Riboflavin Homeostasis in the Central Nervous System

Abstract: The mechanisms by which riboflavin, which is not synthesized in mammals, enters and leaves brain, CSF, and choroid plexus were investigated by injecting [¹⁴C]riboflavin intravenously or intraventricularly. Tracer amounts of [¹⁴C]riboflavin with or without FMN were infused intravenously at a constant rate into normal, starved, or probenecid-pretreated rabbits. At 3 h, [¹⁴C]riboflavin readily entered choroid plexus and brain, and, to a much lesser extent, CSF. Over 85% of the [¹⁴C]riboflavin in brain and choroid plexus was present as [¹⁴C]FMN and [¹⁴C]FAD. The addition of 0.2 mmol/kg FMN to the infusate markedly depressed the relative entry of [¹⁴C]riboflavin into brain, choroid plexus, and, less so, CSF, whereas starvation increased the relative entry of [¹⁴C]riboflavin into brain and choroid plexus.

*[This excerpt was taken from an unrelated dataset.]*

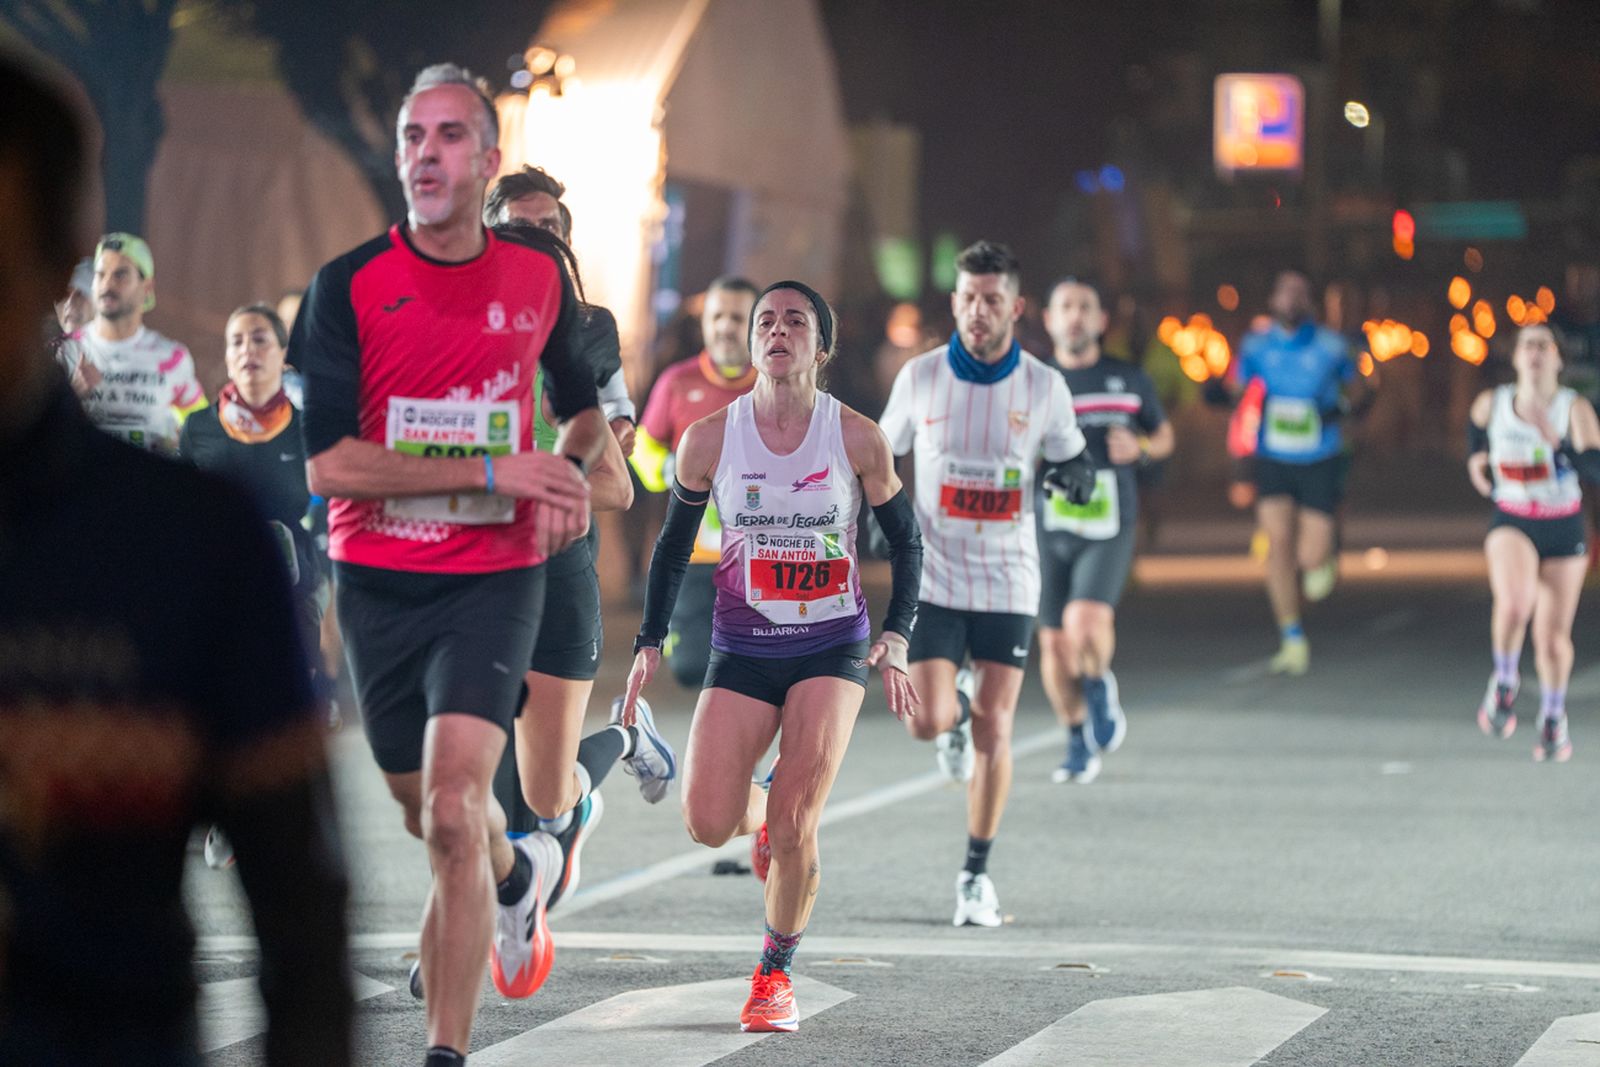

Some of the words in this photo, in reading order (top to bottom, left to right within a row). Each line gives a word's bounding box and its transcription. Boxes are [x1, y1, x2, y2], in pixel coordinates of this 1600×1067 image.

After intraventricular injection (2 h), most of the [¹⁴C]riboflavin was extremely rapidly cleared from CSF into blood. Some of the [¹⁴C]riboflavin entered brain, where over 85% of the ¹⁴C was present as [¹⁴C]FMN plus [¹⁴C]FAD. The addition of 1.2³μmol FAD (which was rapidly hydrolyzed to riboflavin) to the injectate decreased the clearance of [¹⁴C]riboflavin from CSF and the phosphorylation of [¹⁴C]riboflavin in brain. Probenecid in the injectate also decreased the clearance of [¹⁴C]riboflavin from CSF. These results show that the control of entry and exit of riboflavin is the mechanism, at least in part, by which total riboflavin levels in brain cells and CSF are regulated. Penetration of riboflavin through the blood-brain barrier, saturable efflux of riboflavin from CSF, and saturable entry of riboflavin into brain cells are three distinct parts of the homeostatic system for total riboflavin in the central nervous system.